All talks are held on Wednesdays in the STScI John N. Bahcall Auditorium at 3:30 p.m. preceded by tea at 3:15 p.m.

Please direct questions or comments to the colloquium committee. The 2016-17 committee members are Brad Whitmore (chair), Gabe Brammer, Andy Fruchter (ex officio), Olivia Jones and Nora Luetzgendorf.

STScI presents live and archived webcasting of talks and Colloquium Series.

Date Speaker/Title
Feb. 01 (CoolSci Talk Series)
Feb. 08 (No Colloquium)
Feb. 15 Amy Reines (National Optical Astronomy Observatory)
Title: The Origin of Supermassive Black Holes
Abstract: The origin of supermassive black holes remains a major outstanding issue in modern astrophysics. These monster black holes reside in the nuclei of essentially every massive galaxy and power the most luminous quasars at the edge of the observable Universe. However, directly observing the first “seed” black holes in the early Universe - that can eventually grow to upwards of a billion solar masses - is not feasible with current telescopes. Present-day dwarf galaxies, on the other hand, are within observational reach and offer another avenue to learn about black hole seeds since low-mass galaxies can host relatively pristine black holes. In this talk, I will highlight some of my recent achievements in this field that have taken us from a few rare examples to large systematically-assembled samples of dwarf galaxies hosting nuclear black holes. I will also discuss how my work has implications for directly detecting black hole activity in the first galaxies at high redshift.
Host: Nora Luetzgendorf
Feb. 22 Jessica Lu (University of California Berkeley)
Title: Finding Black Holes with Astrometric Microlensing
Abstract: TBS
Host: Andrea Bellini
Mar. 01 Renée Hlozek (University of Toronto)
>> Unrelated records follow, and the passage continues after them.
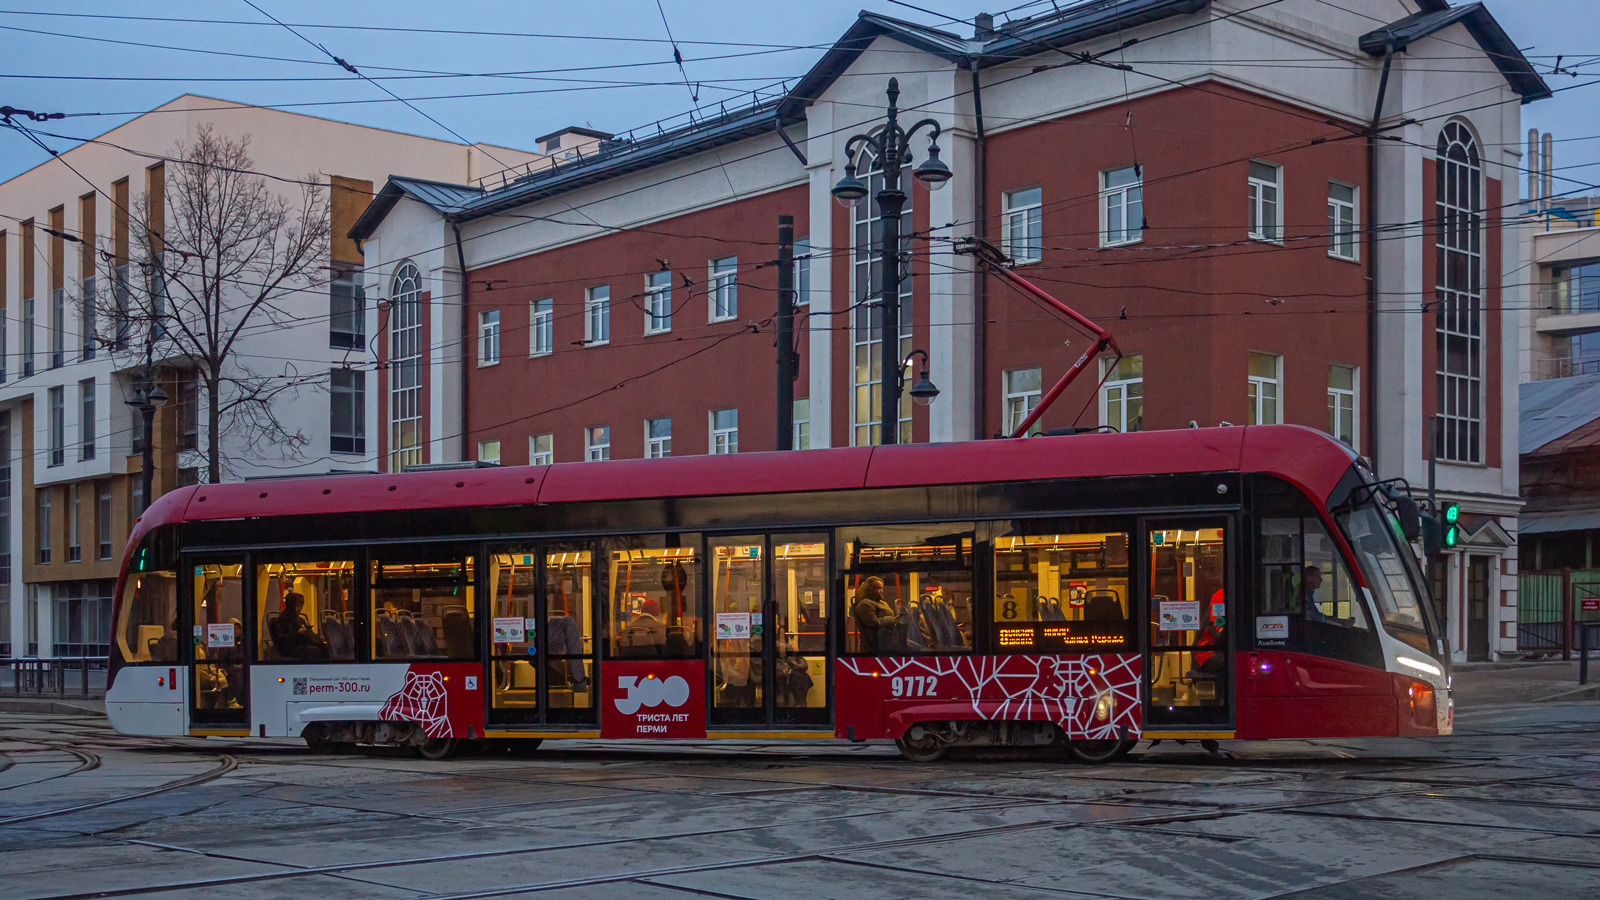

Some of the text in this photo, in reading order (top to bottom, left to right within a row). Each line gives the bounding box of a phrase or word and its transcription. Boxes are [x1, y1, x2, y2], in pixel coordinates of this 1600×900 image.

[1002, 600, 1018, 620] 8
[309, 682, 371, 695] perm-300.ru
[891, 675, 938, 697] 9772
[614, 675, 690, 715] 300
[636, 713, 690, 722] ТРИСТА ЛЕТ
[636, 725, 667, 733] ПЕРМИ
Title: Constraining Ultra-light Axions with CMB data: Shining Light on the Lightest Particle Dark Matter Candidates
Abstract: TBS
Host: Arfon Smith
Mar. 08 Mike Brown (California Institute of Technology)
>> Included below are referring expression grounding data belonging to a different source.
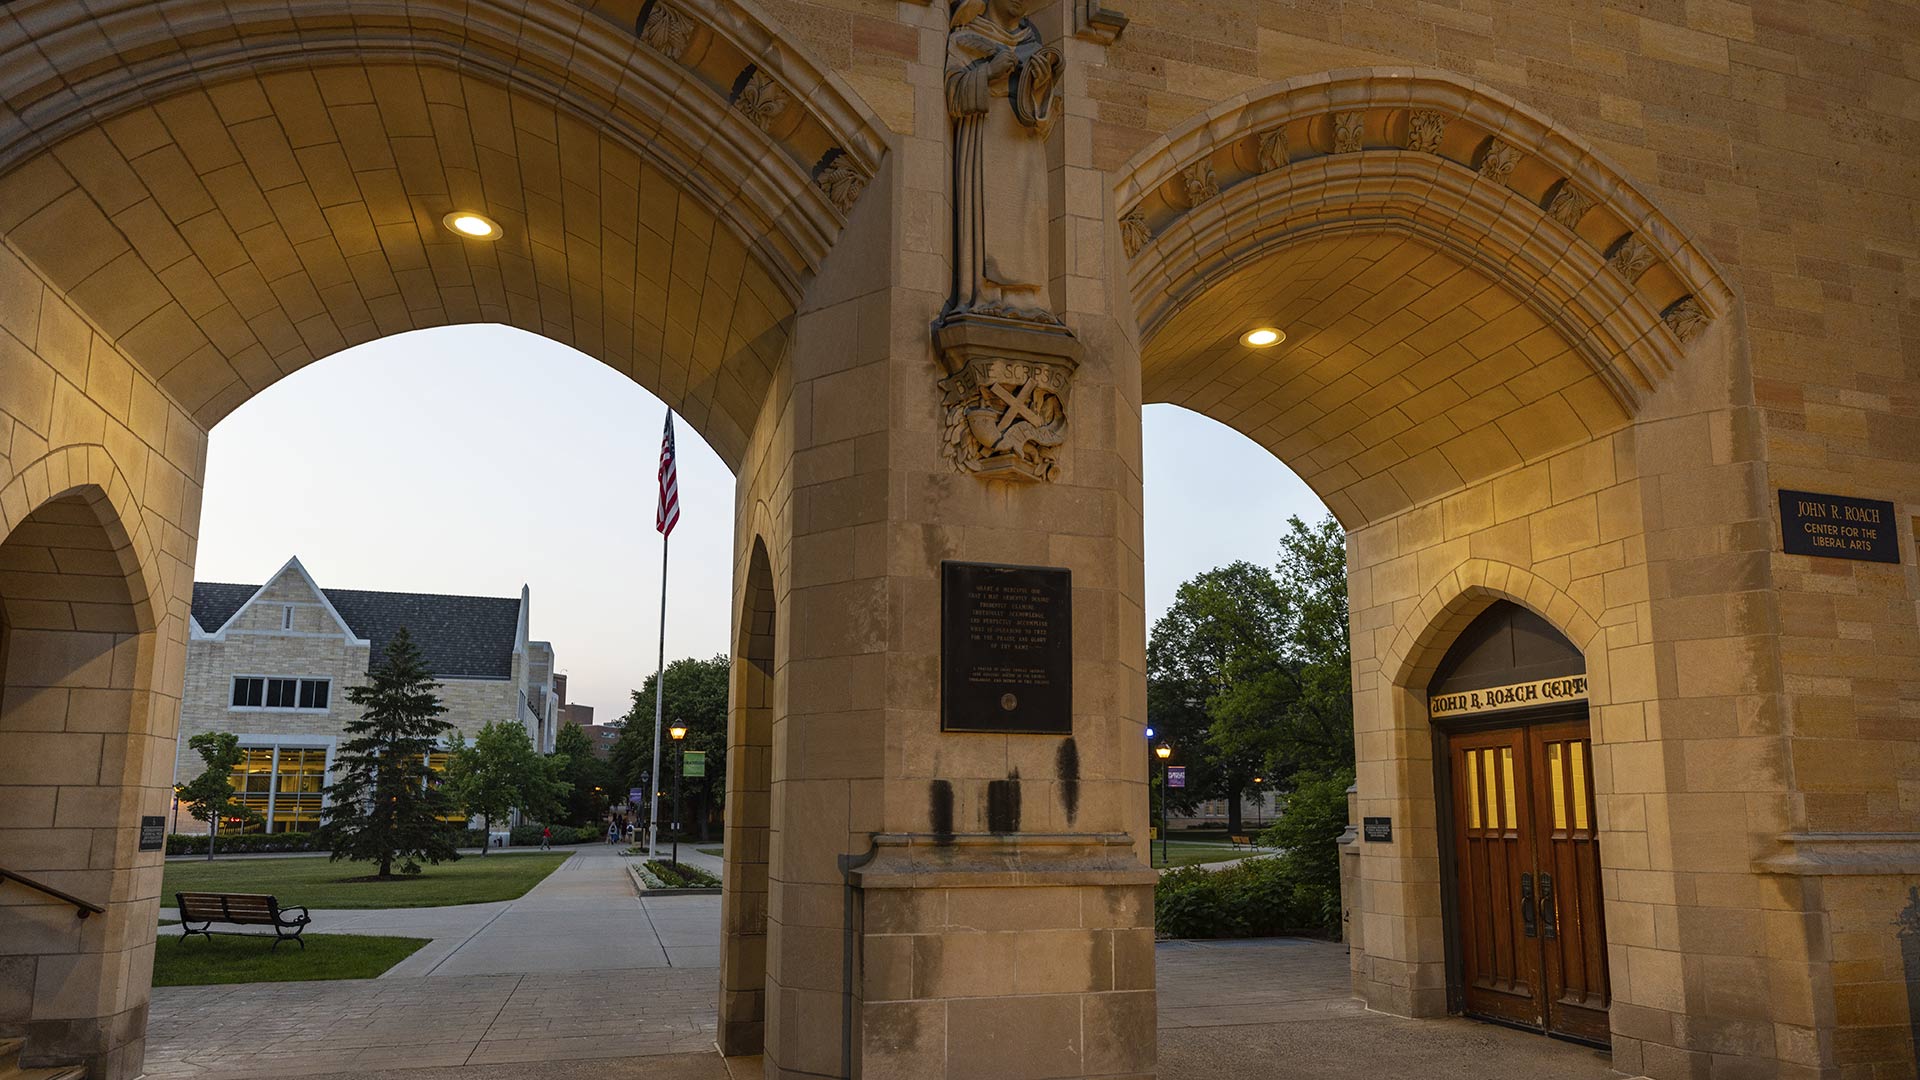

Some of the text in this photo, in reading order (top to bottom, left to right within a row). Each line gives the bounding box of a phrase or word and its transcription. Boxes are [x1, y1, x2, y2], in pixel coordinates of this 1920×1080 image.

[1798, 501, 1880, 524] JOHN R. ROACH
[1804, 523, 1877, 540] CENTER FOR THE
[1812, 536, 1872, 552] LIBERAL ARTS
[1432, 693, 1467, 713] JOHN
[1470, 692, 1483, 709] R.
[1486, 684, 1538, 709] ROACH
Title: Planet Nine from Outer Space
Abstract: TBS
Host: Marc Rafelski
Mar. 15 Raffaella Margutti (Harvard University/Northwestern)
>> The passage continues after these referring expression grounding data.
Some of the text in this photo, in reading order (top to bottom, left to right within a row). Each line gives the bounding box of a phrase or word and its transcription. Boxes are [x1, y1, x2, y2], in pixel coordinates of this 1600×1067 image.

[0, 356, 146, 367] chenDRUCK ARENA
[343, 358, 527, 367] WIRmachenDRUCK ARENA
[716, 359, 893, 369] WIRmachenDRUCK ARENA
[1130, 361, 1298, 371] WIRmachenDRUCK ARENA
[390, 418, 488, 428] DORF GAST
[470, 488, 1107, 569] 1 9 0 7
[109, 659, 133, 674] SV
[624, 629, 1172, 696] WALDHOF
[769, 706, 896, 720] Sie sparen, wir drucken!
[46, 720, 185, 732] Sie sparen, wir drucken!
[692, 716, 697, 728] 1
Title: Astronomical Transients that Defy all Classification Schemes
Abstract: Observations are drawing a complex picture of the latest stages of massive stars evolution and their explosions. In this seminar I concentrate on two among the least understood aspects of stellar evolution, adopting an observational perspective: How do massive stars loose a significant fraction of their mass in the years preceding the explosion? What powers the most luminous stellar explosions in our Universe? I address these questions by taking advantage from panchromatic observations of two remarkable transients: (i) the “normal” envelope-stripped SN2014C, which experienced a dramatic metamorphosis and evolved from Type I into Type II supernova over a timescale of a few months, thus violating the supernova classification scheme that hat has existed for decades. (ii) I will then describe the recent results from our efforts to constrain the energy source of Super-Luminous SNe, with a case study of the “bactrian” transient ASASSN-15lh, which might be the first element of an entirely new class of transients.
Host: Andrew Fruchter
Mar. 22 Jo Bovy (University of Toronto)
Title: Galaxy Evolution at High Resolution: the New View of the Milky Way
Abstract: TBS
Host: Gail Zasowski
Mar. 29 Rob Kennicutt (University of Cambridge)
Title: From Gas to Stars
Abstract: It is now clear that the conversion of interstellar gas to stars, together with the subsequent feedback from massive star formation on the ISM are fundamental agents in the formation, evolution, and shaping of galaxies. Thanks to a wealth of recent observations from the ground and space our empiriral characterization of these processes is being revolutionized, yet our understanding of the underlying physical processes which trigger and regulate large-scale star formation remains embryonic. This talk will review the many advances made over the past decade in understanding the coupling of star formation to the interstellar medium, and highlight the key challenges which remain.
Host: Margaret Meixner
Apr. 05 (No Colloquium)
Apr. 12 Armin Rest (STScI)
Title: Taking the Measure of the Universe with Stellar Explosions
Abstract: TBS
Host: Dave Soderblom
Apr. 19 Eliza Kempton (Grinnell College)
Title: Revealing the Atmospheres of Extrasolar Super-Earths
Abstract: TBS
Host: Nikole Lewis
Apr. 26 (Spring Symposium, No Colloquium)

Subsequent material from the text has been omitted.